■ Problem description
Print every line exactly as it appears in the material below.

Segment Open

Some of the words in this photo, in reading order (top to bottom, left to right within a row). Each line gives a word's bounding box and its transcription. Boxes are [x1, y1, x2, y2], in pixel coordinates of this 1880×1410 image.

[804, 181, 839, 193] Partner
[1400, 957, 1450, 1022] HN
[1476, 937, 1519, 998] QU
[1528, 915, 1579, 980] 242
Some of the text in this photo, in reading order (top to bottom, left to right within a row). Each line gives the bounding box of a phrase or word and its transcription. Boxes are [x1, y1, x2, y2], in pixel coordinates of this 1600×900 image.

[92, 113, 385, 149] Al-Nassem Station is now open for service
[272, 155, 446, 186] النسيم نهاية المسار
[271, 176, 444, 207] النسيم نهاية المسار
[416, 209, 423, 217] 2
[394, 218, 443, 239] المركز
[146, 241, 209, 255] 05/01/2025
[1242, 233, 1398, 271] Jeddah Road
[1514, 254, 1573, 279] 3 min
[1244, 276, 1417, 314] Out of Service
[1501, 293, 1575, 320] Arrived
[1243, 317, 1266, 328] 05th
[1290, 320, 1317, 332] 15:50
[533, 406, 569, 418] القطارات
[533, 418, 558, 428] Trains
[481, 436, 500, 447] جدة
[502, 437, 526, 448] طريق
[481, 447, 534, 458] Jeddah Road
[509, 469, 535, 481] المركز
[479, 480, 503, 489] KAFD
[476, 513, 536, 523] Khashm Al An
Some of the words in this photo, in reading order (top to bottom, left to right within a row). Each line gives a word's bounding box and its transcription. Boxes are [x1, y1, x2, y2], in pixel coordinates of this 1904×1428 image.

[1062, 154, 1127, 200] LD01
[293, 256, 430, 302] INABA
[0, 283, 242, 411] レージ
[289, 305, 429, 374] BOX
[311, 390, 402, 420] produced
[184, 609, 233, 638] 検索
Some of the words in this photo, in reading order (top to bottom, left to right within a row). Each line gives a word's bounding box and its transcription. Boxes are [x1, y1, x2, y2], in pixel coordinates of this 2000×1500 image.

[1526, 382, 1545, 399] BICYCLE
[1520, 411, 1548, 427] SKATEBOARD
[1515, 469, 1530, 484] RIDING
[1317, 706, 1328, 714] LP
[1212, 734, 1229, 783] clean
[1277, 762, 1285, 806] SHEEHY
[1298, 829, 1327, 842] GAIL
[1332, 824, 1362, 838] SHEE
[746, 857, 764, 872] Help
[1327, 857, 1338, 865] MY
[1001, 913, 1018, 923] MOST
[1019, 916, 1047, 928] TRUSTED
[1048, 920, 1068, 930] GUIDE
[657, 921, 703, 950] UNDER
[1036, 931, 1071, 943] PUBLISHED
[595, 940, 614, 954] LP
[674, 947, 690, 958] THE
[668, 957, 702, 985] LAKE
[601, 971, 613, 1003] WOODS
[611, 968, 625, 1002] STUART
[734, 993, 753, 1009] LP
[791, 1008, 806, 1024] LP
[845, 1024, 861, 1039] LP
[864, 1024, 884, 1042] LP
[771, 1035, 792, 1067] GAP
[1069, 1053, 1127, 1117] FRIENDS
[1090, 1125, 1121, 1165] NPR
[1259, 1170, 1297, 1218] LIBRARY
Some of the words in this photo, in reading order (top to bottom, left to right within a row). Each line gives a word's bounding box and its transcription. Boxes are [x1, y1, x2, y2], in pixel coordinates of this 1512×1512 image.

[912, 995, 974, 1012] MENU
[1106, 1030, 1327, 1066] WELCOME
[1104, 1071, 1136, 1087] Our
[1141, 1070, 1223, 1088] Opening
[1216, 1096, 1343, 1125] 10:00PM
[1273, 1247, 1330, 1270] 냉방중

Segment Closed

■ Written response
Some of the words in this photo, in reading order (top to bottom, left to right within a row). Each line gives a word's bounding box and its transcription. Boxes are [x1, y1, x2, y2], in pixel coordinates of this 1880×1410 image.

[804, 181, 839, 193] Partner
[1400, 957, 1450, 1022] HN
[1476, 937, 1519, 998] QU
[1528, 915, 1579, 980] 242
Some of the text in this photo, in reading order (top to bottom, left to right within a row). Each line gives the bounding box of a phrase or word and its transcription. Boxes are [x1, y1, x2, y2], in pixel coordinates of this 1600×900 image.

[92, 113, 385, 149] Al-Nassem Station is now open for service
[272, 155, 446, 186] النسيم نهاية المسار
[271, 176, 444, 207] النسيم نهاية المسار
[416, 209, 423, 217] 2
[394, 218, 443, 239] المركز
[146, 241, 209, 255] 05/01/2025
[1242, 233, 1398, 271] Jeddah Road
[1514, 254, 1573, 279] 3 min
[1244, 276, 1417, 314] Out of Service
[1501, 293, 1575, 320] Arrived
[1243, 317, 1266, 328] 05th
[1290, 320, 1317, 332] 15:50
[533, 406, 569, 418] القطارات
[533, 418, 558, 428] Trains
[481, 436, 500, 447] جدة
[502, 437, 526, 448] طريق
[481, 447, 534, 458] Jeddah Road
[509, 469, 535, 481] المركز
[479, 480, 503, 489] KAFD
[476, 513, 536, 523] Khashm Al An
Some of the words in this photo, in reading order (top to bottom, left to right within a row). Each line gives a word's bounding box and its transcription. Boxes are [x1, y1, x2, y2], in pixel coordinates of this 1904×1428 image.

[1062, 154, 1127, 200] LD01
[293, 256, 430, 302] INABA
[0, 283, 242, 411] レージ
[289, 305, 429, 374] BOX
[311, 390, 402, 420] produced
[184, 609, 233, 638] 検索
Some of the words in this photo, in reading order (top to bottom, left to right within a row). Each line gives a word's bounding box and its transcription. Boxes are [x1, y1, x2, y2], in pixel coordinates of this 2000×1500 image.

[1526, 382, 1545, 399] BICYCLE
[1520, 411, 1548, 427] SKATEBOARD
[1515, 469, 1530, 484] RIDING
[1317, 706, 1328, 714] LP
[1212, 734, 1229, 783] clean
[1277, 762, 1285, 806] SHEEHY
[1298, 829, 1327, 842] GAIL
[1332, 824, 1362, 838] SHEE
[746, 857, 764, 872] Help
[1327, 857, 1338, 865] MY
[1001, 913, 1018, 923] MOST
[1019, 916, 1047, 928] TRUSTED
[1048, 920, 1068, 930] GUIDE
[657, 921, 703, 950] UNDER
[1036, 931, 1071, 943] PUBLISHED
[595, 940, 614, 954] LP
[674, 947, 690, 958] THE
[668, 957, 702, 985] LAKE
[601, 971, 613, 1003] WOODS
[611, 968, 625, 1002] STUART
[734, 993, 753, 1009] LP
[791, 1008, 806, 1024] LP
[845, 1024, 861, 1039] LP
[864, 1024, 884, 1042] LP
[771, 1035, 792, 1067] GAP
[1069, 1053, 1127, 1117] FRIENDS
[1090, 1125, 1121, 1165] NPR
[1259, 1170, 1297, 1218] LIBRARY
Some of the words in this photo, in reading order (top to bottom, left to right within a row). Each line gives a word's bounding box and its transcription. Boxes are [x1, y1, x2, y2], in pixel coordinates of this 1512×1512 image.

[912, 995, 974, 1012] MENU
[1106, 1030, 1327, 1066] WELCOME
[1104, 1071, 1136, 1087] Our
[1141, 1070, 1223, 1088] Opening
[1216, 1096, 1343, 1125] 10:00PM
[1273, 1247, 1330, 1270] 냉방중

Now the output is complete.